川崎市生まれ。4歳からピアノを始め、桐朋女子高等学校(共学)を経て桐朋学園大学を首席卒業。1987年日本音楽コンクール第2位。大学卒業後ミュンヘン国立音楽大学マイスターコースにおいて名匠ゲルハルト・オピッツのもと更なる研鑚を積み、1992年ミュンヘン交響楽団との共演でデビュー、大成功をおさめる。国内では1995年に正式にデビュー。以来日本を代表するピアニストとして第一線で活躍。これまでDenon ,Philips、Deccaを始めとする数多くのレーベルから30タイトル以上のCD及びDVDを国内外でリリース、その内容はソロ、協奏曲、室内楽と多岐に渡る。
1998〜2008年にかけてフェスティバルホール(大阪)で行った合計20回に及ぶリサイタルシリーズや1999年、ショパン没後150年を記念して全国各地で行った大規模なツアーは驚異的な動員数とともに絶賛を博す。2001年、チョン・ミュンフンの主宰する「セブン・スターズ・ガラ・コンサート」に出演。以降多くのオーケストラと共演を重ねている。

【曲目】

〇ショパン

①ワルツ第3番イ長調Op.34-2「華麗なる円舞曲」

②ノックターン嬰ハ短調遺作

③幻想即興曲Op.66

④舟歌嬰へ長調Op.60

⑤バラード第1番ト短調Op.23

〇リスト

⑥悲しみのゴンドラ第1稿 S.200

⑦コンソレーション第3番変ニ長調S

.172-3

⑧「ノルマ」の回想S.394

【演奏の模様】

 近藤さんはあのオピッツの直弟子だったのですね。この人の演奏は過去に本格リサイタルではないのですが、彼が出演した音楽会で何回か聴いています。一番最近ですと、今年9月に銀座の王子ホールで開かれた『クラシック音楽が世界をつなぐ~(輝く未来に向けて~動物謝肉祭)」というタイトルの音楽会で、ショパンを二曲弾きました。その時の(hukkats記録201.9.16.)の中から関係有る箇所のみ抜粋して文末に再掲して置きます。

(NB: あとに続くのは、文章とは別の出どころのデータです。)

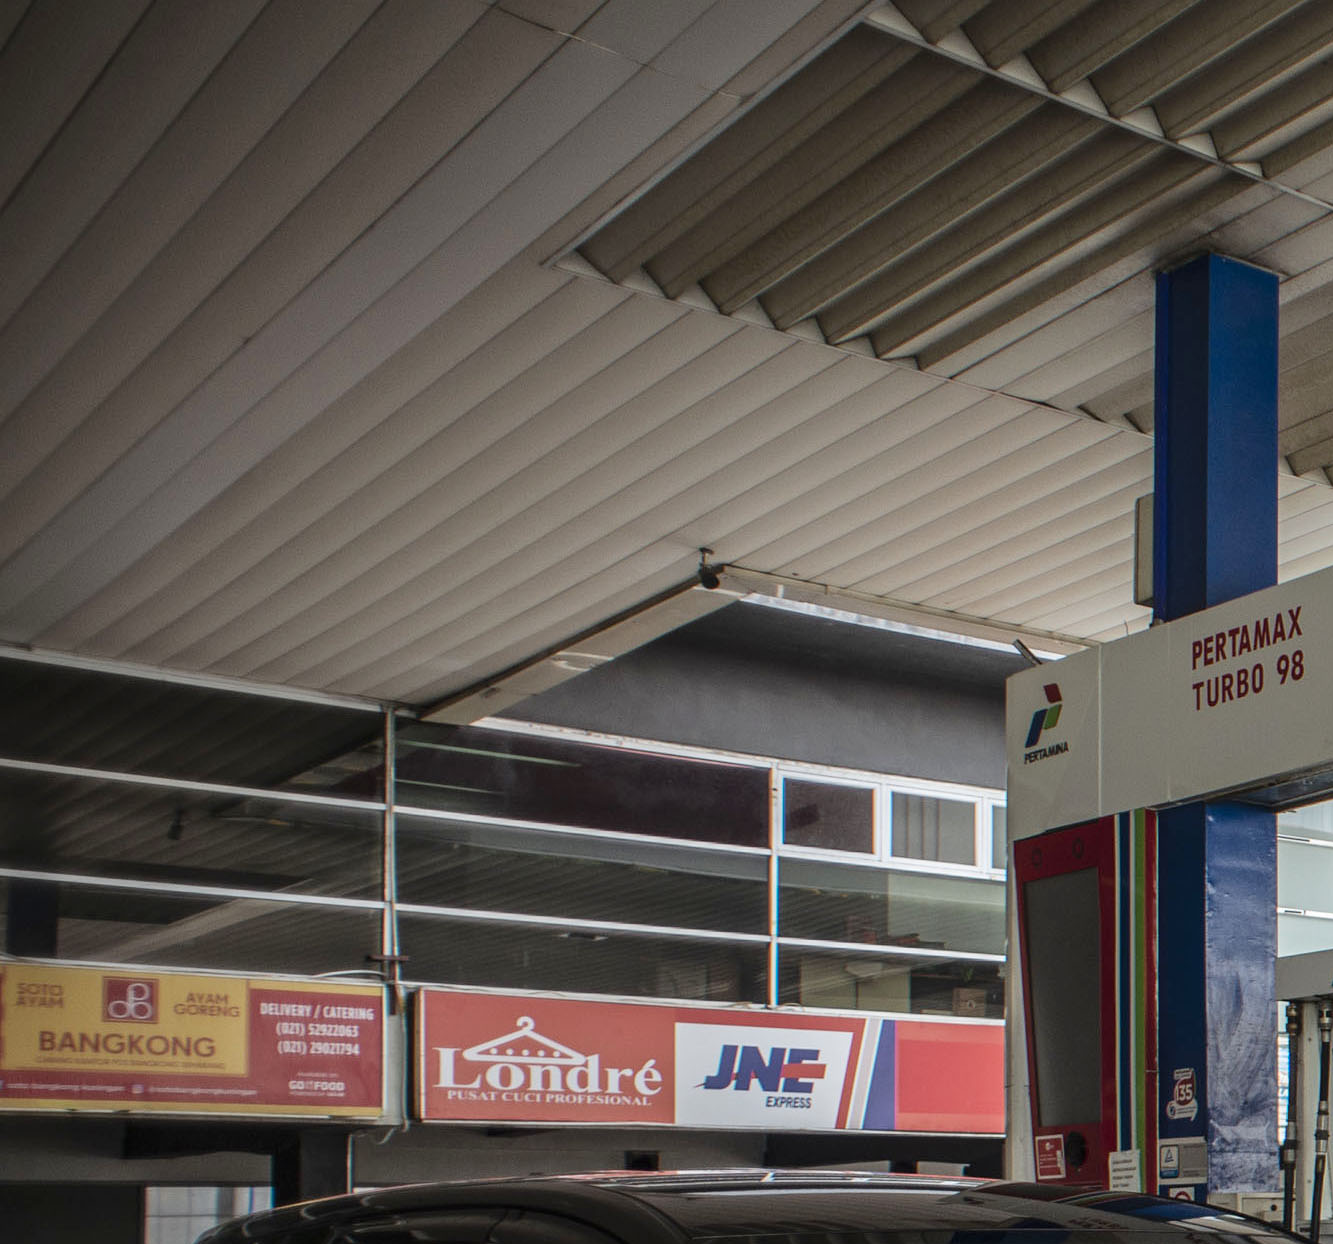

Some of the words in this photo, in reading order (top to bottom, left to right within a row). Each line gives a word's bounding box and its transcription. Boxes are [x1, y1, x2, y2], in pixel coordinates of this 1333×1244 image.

 さて今回は、All Chopin and Liszt   で、本格的プログラムなので、有名な曲を纏まって聴くことが出きるいい機会です。それに前回の演奏でミスをした近藤さんですが、その演奏をちょっと聞いただけで素晴らし才能を感じたので、今回の演奏はうまく弾いてくれるといいなと期待を持って聴きに行きました。

 ①~⑦までの個別感想は割愛しますが、結果は総じて素晴らしい音楽性と感性で、高度なテクニックを駆使して、見事にショパンとリストを演奏し切りました。特に⑤バラード1番はかなりの大曲ですが、それを力強く申し分ない表現で演奏し大きな拍手を浴びていました。①から④までは曲の特性を生かしたお洒落な曲の雰囲気も良く出ていたし、感性豊かなショパンの作曲性向まで感じ取れるいい演奏でした。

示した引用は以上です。